The analysis included 16,147 Black patients and 14,483 White patients hospitalized with HF within the Emory Healthcare system at least once from 2010-2018, Dr. Morris reported. Compared with Whites, Blacks were younger (63.5 vs 69.1 years) and less likely to be 65 or older (48.9% vs. 66.5%); more likely to be women (53.5% vs. 42.2%), more likely to reside in deprived census tracts and to have diabetes, hypertension, or chronic kidney disease
In all, 20.6% of Black and 13.5% of White patients were readmitted for HF within 30 days of discharge, for an unadjusted risk ratio of 1.52 (95% CI, 1.44-1.61).
The RR hardly budged, 1.45 (95% CI, 1.37-1.54, P < .001), after adjustment for age, sex, type of insurance, type of HF, vital signs and laboratory values, medical history (diabetes, hypertension, atrial fibrillation, coronary disease, chronic kidney disease, and chronic pulmonary disease), Charlson Comorbidity Index, discharging medical specialty, and hospital location.
The excess in 30-day HF readmissions for Black, compared with White patients climbed from the first to the third neighborhood SDI quartile, the disparity peaking at 8.2 absolute percentage points.

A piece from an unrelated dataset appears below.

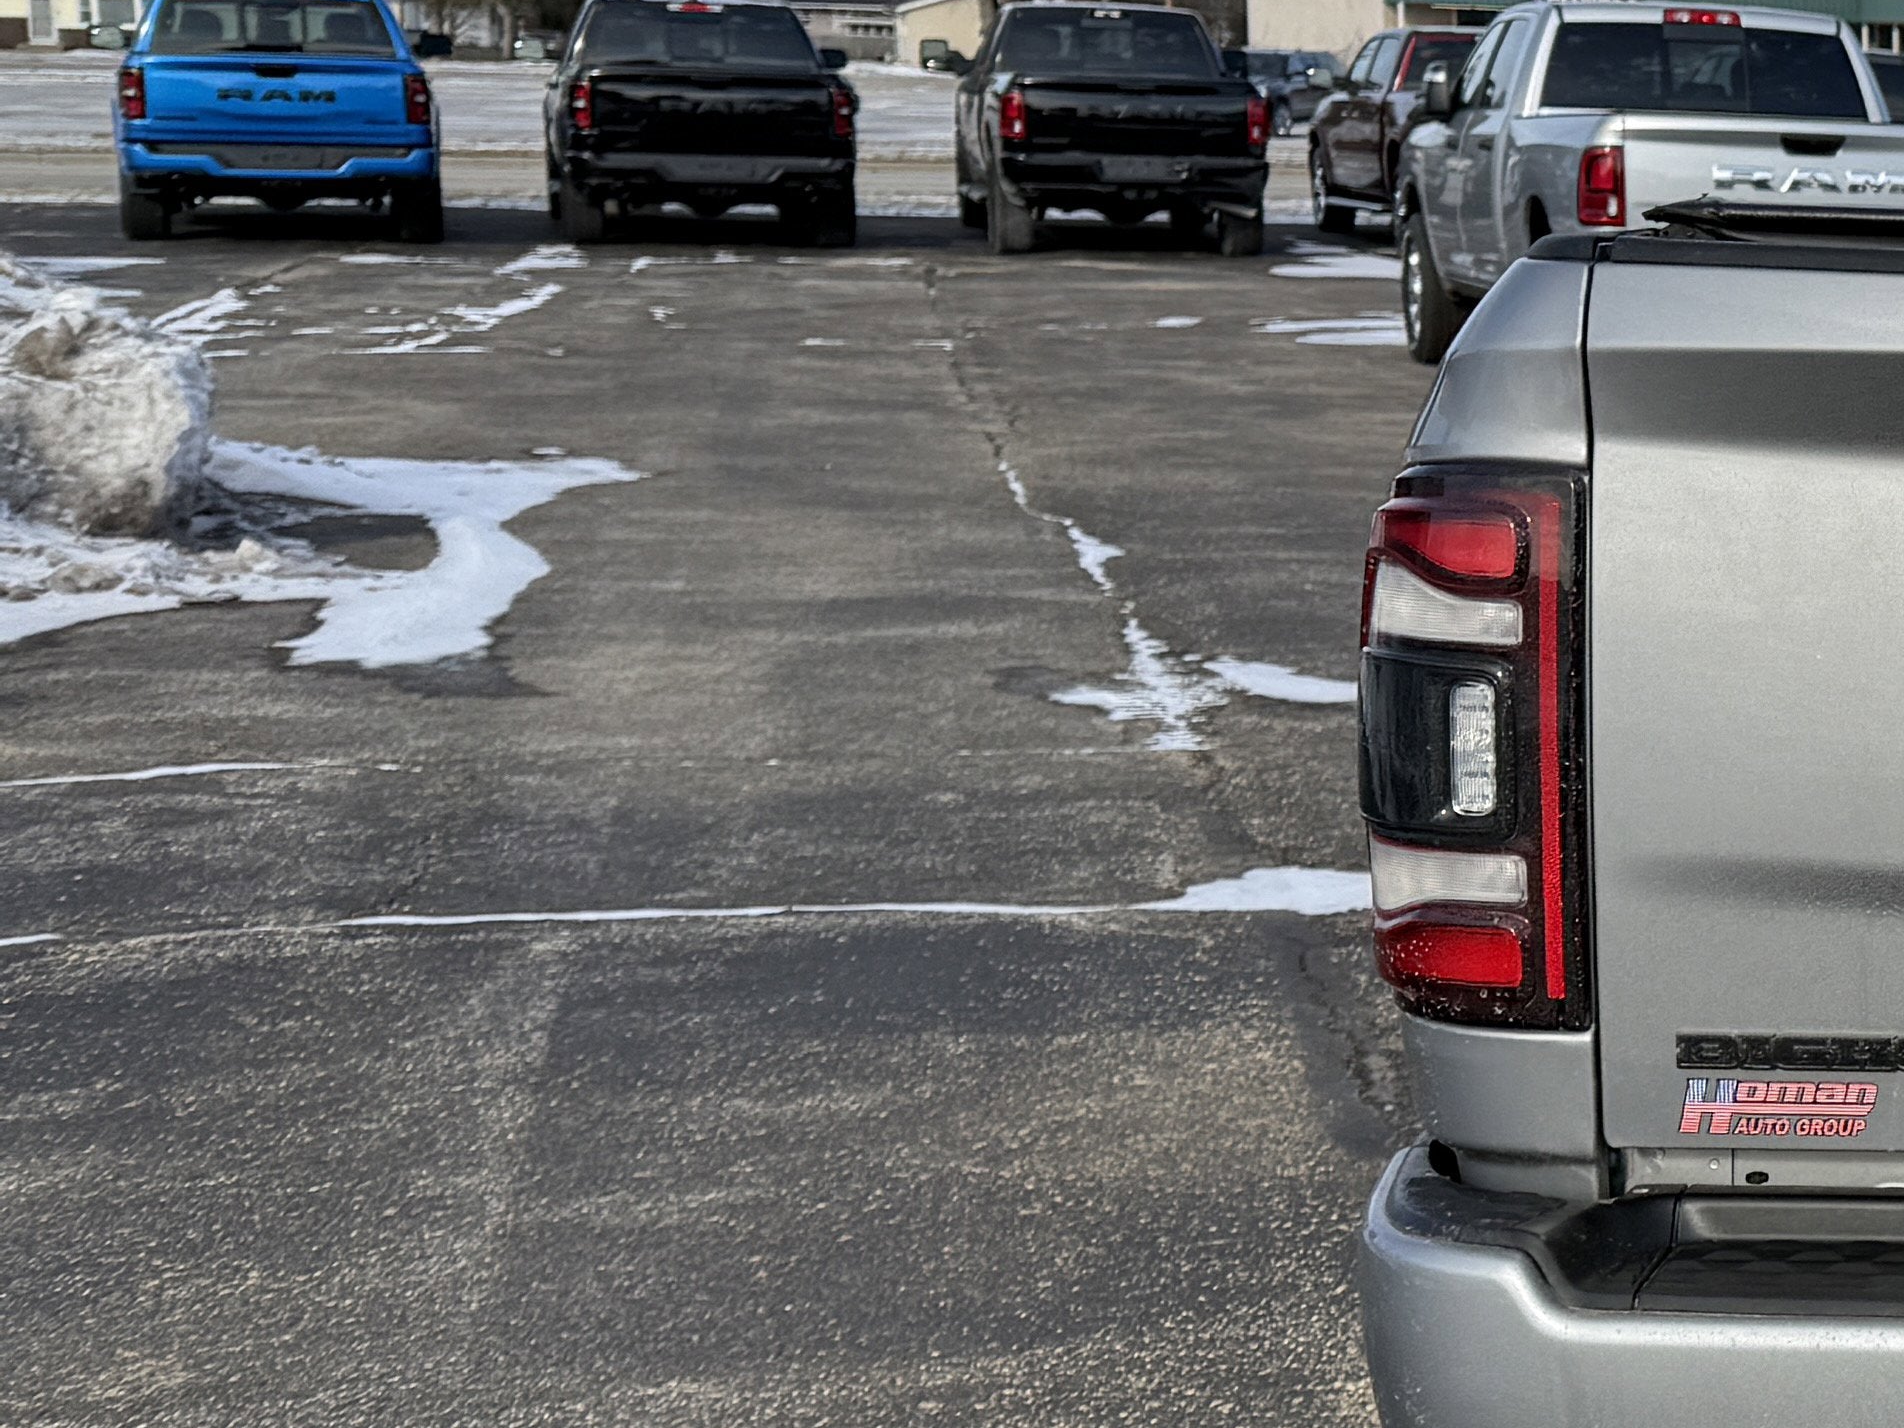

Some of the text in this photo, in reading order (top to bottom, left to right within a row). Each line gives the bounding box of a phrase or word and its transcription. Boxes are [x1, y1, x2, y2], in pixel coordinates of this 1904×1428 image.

[216, 87, 337, 103] RAM
[1732, 1116, 1867, 1137] AUTO GROUP

A major criticism of the Hospital Readmissions Reduction Program component of the Affordable Care Act, Dr. Morris said in a Q&A discussion after her presentation, is that it can hold hospitals “responsible for structural inequalities that exist beyond the health care system,” including neighborhood deprivation.
“But public policy makers have to realize that there are certain patients we take care of who don’t have the resources to carry out the therapeutic lifestyle changes that will allow them to live healthy.”
The HRRP’s 30-day HF readmission metric that steers reimbursement “is penalizing health care systems across the United States” with its premise that hospital performance can be measured by 30-day HF readmission rates, Dr. Morris said in an interview.
“The reality is that some of these patients are going to a postdischarge environment that is inherently high risk, and that many of them are going to come back to us within 30 days,” she said. “We would like to make sure that we don’t put excess penalties on health care systems that take care of disproportionate numbers of African Americans in neighborhoods that have fewer resources.”
Dr. Morris and Dr. Ferdinand have disclosed no relevant financial relationships. Dr. Mehra discloses consulting or serving on an advisory board for Abbott, Medtronic, Janssen, Leviticus, NupulseCV, FineHeart, Portola, Bayer, the Baim Institute for Clinical Research, and Mesoblast.